Thus the great scientist and sceptic went to his everlasting rest. He had no belief in God, no expectation of a future life. But he had done his duty; he had filled the world with new truth; he had lived a life of heroism, compared with which the hectic courage of battle-fields is vulgar and insignificant; and he died in soft tranquility, surrounded by the beings he loved. His last conscious words were I am not the least afraid to die. No one who knew him, or his life and work, could for a moment suspect him capable of fear. Nevertheless it is well to have the words on record from the lips of those who saw him die. The carrion priests who batten on the reputation of dead Free-thinkers will find no repast in this death-chamber. One sentence frees him from the contamination of their approach.

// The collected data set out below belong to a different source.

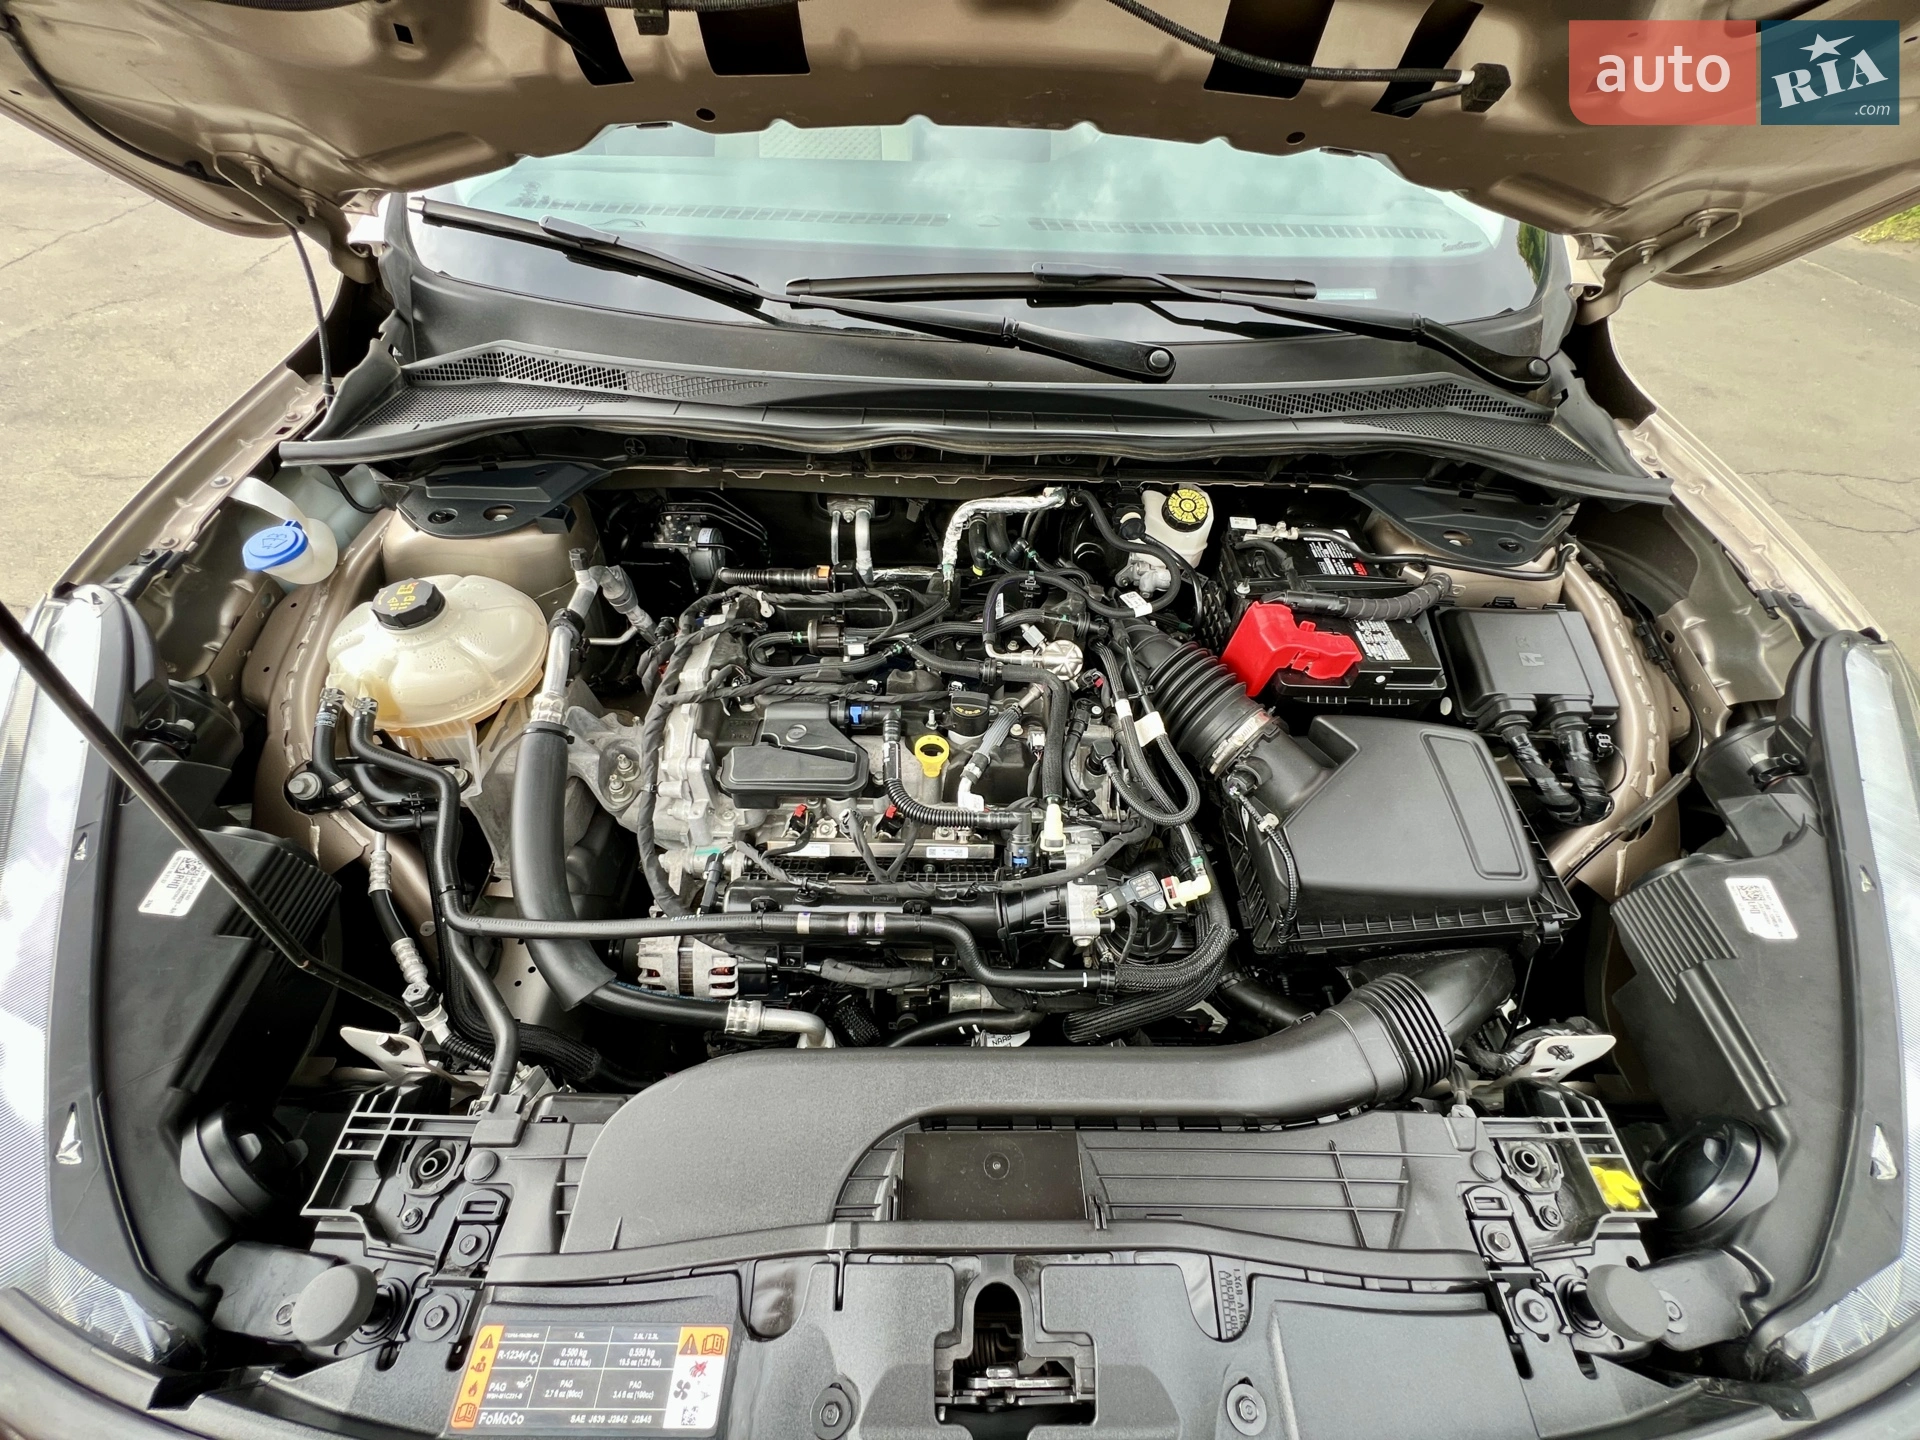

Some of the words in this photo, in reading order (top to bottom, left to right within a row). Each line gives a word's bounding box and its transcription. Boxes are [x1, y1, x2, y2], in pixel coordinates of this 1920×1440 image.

[497, 1350, 531, 1361] R-1234yf
[561, 1348, 579, 1357] 0.500
[579, 1348, 588, 1358] kg
[646, 1348, 655, 1358] kg
[489, 1382, 507, 1392] PAG
[560, 1380, 573, 1388] PAG
[478, 1412, 525, 1425] FoMoCo
[570, 1415, 585, 1424] SAE

Darwin's family desired that he should be buried at Down. But the fashion of burying great men in Westminster Abbey, even though unbelievers, had been set by Dean Stanley, whom Carlyle irreverently called "the body-snatcher." Stanley's successor, Dean Bradley, readily consented to the great heretic's interment in his House of God, where it is to be presumed the Church of England burial service was duly read over the "remains." Men like Professor Huxley, Sir John Lubbock, and Sir Joseph Hooker should not have assisted at such a blasphemous farce. It was enough to make Darwin groan in his coffin. Well, the Church has Darwin's corpse, but that is all

2 Life and Letters, vol. iii., p. 358.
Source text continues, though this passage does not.